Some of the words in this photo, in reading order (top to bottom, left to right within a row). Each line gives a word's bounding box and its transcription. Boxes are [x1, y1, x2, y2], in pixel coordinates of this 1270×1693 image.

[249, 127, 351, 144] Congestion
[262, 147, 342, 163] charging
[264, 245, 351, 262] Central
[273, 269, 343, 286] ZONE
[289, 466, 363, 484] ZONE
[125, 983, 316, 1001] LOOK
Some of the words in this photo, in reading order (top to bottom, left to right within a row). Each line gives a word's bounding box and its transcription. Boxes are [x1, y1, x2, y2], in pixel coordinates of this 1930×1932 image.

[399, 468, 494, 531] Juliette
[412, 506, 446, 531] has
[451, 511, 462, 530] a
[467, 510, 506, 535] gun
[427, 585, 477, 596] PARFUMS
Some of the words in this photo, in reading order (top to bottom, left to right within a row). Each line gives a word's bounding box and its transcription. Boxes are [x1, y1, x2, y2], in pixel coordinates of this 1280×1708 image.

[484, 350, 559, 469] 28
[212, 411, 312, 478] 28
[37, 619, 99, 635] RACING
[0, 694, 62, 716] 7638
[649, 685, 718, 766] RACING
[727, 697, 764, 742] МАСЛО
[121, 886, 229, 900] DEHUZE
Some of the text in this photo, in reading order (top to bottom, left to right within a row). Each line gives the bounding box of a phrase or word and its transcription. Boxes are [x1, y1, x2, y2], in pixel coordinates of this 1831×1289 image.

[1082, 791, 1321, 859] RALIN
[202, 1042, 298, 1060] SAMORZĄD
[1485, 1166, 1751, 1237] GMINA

----------------------------------------

- Your goal -
From the line that holds "Some of the text" down to the last line of the material, copy every line exactly and add nothing.

- Result for this exercise -
Some of the text in this photo, in reading order (top to bottom, left to right within a row). Each line gives the bounding box of a phrase or word and its transcription. Boxes are [x1, y1, x2, y2], in pixel coordinates of this 1831×1289 image.

[1082, 791, 1321, 859] RALIN
[202, 1042, 298, 1060] SAMORZĄD
[1485, 1166, 1751, 1237] GMINA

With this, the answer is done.